Media in Kerala, India are widely accessible and cater to a wide variety of audiences. Kerala has the highest media exposure in India with newspapers publishing in nine languages, mainly English and Malayalam.

== Print media ==
===Newspapers===
Dozens of newspapers are published in Kerala. The principal languages of publication are Malayalam and English. The most widely circulating List of Malayalam-language newspapers include Malayala Manorama, Mathrubhumi, Deshabhimani,Madhyamam, Kerala Kaumudi, Suprabhaatham, Siraj Daily, Veekshanam, Deepika, Mangalam, Janayugom, Thejas, Varthamanam, Chandrika, Janmabhumi, Udaya Keralam and Metro Vaartha.

===Magazines===
Among list of Malayalam periodicals major Malayalam periodicals are Mathrubhumi weekly, Madhyamam weekly, India Today Malayalam, Dhanam, Chithrabhumi, Balarama (Comics), Thejas, Kanyaka and Bhashaposhini.

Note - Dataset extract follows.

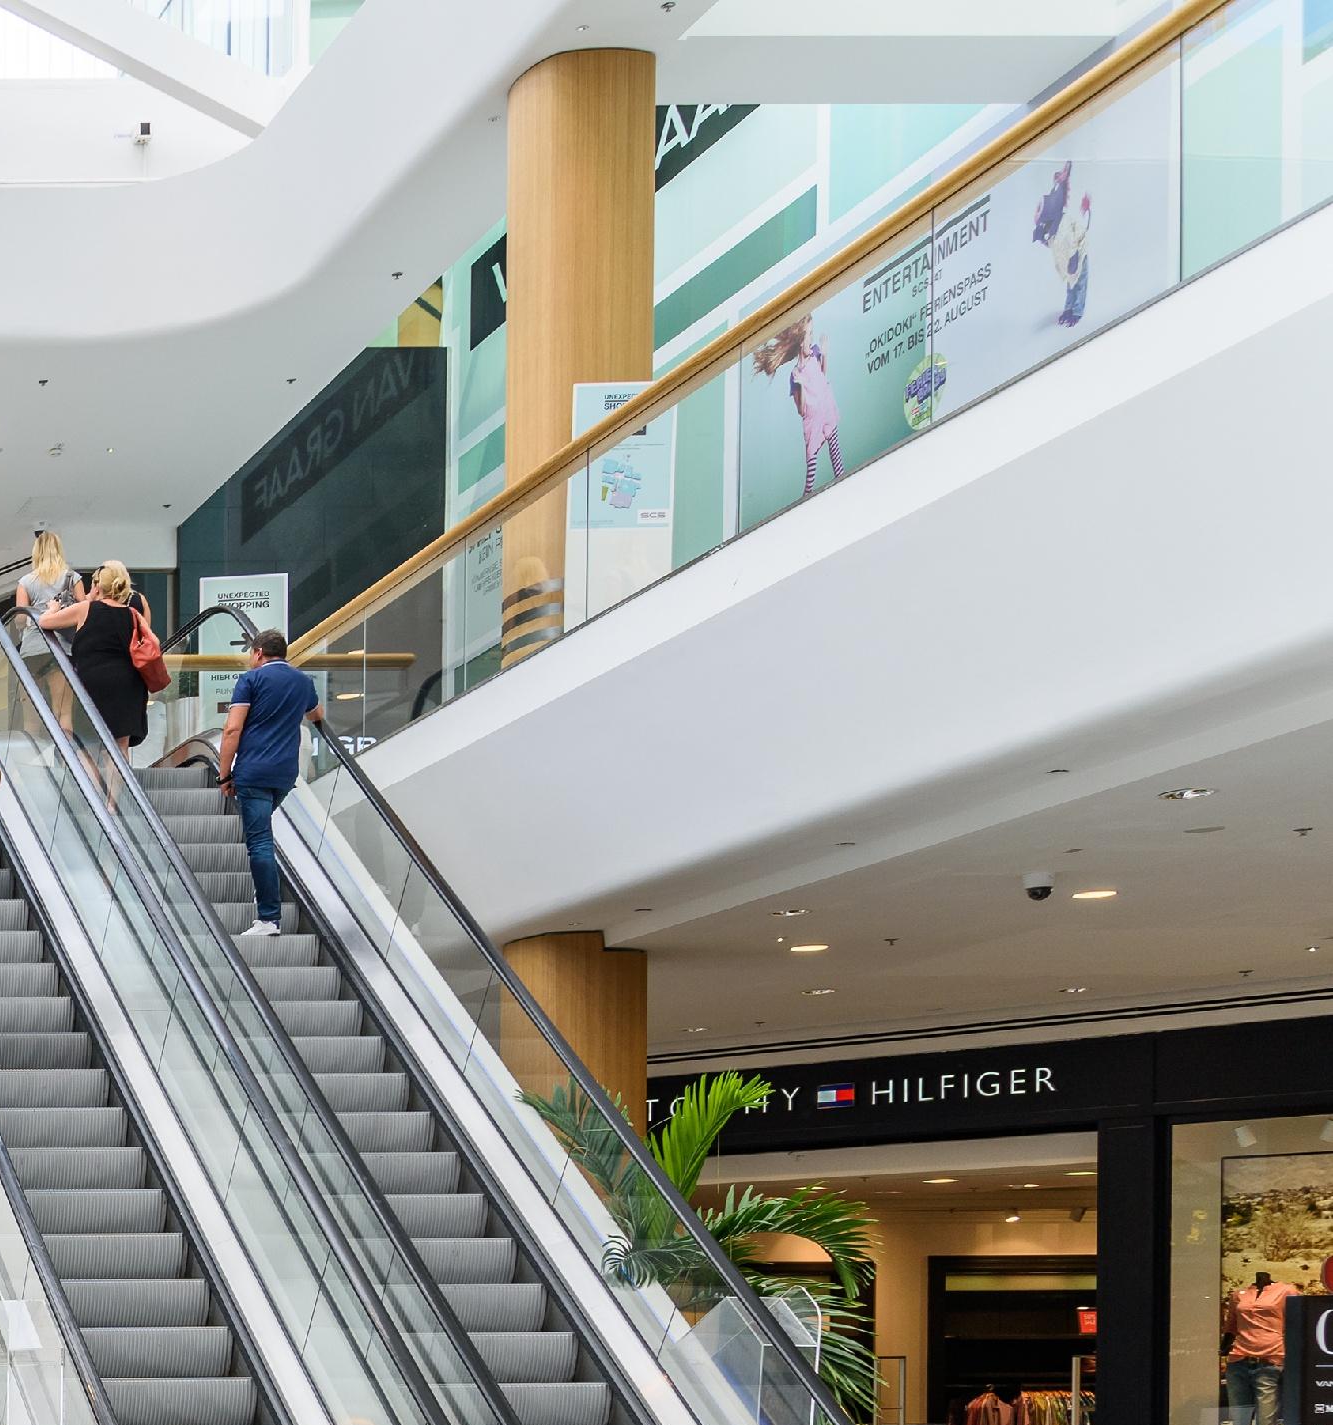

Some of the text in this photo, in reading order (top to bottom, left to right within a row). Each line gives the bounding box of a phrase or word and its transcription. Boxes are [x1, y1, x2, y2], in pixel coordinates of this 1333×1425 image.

The following table is according to the Indian Readership Survey (IRS) 2019 Quarter 1.

| Rank | Name of the magazine | Average Issue Readership (in lakh) |
|---|---|---|
| 1 | Malayala Manorama Vanitha | 7028 |
| 2 | Mathrubhumi Arogyamasika | 2683 |
| 3 | Mathrubhumi Thozhilvartha | 2605 |
| 4 | Malayala Manorama Balarama | 2542 |
| 5 | Mathrubhumi Grihalakshmi | 2423 |

== Television ==
Doordarshan the state-owned television broadcaster started the commercial television broadcast in Kerala with the channel 'DD Malayalam' on 1 January 1985 from Kudappanakkunnu, Thiruvananthapuram. Malayalam started with a one-hour slot (6.30 PM -7:30 PM IST) daily followed by a 10-minute news bulletin in malayalam. During initial phase Malayalam programs that originated from Doordarshan were available only within 15 km radius of the station.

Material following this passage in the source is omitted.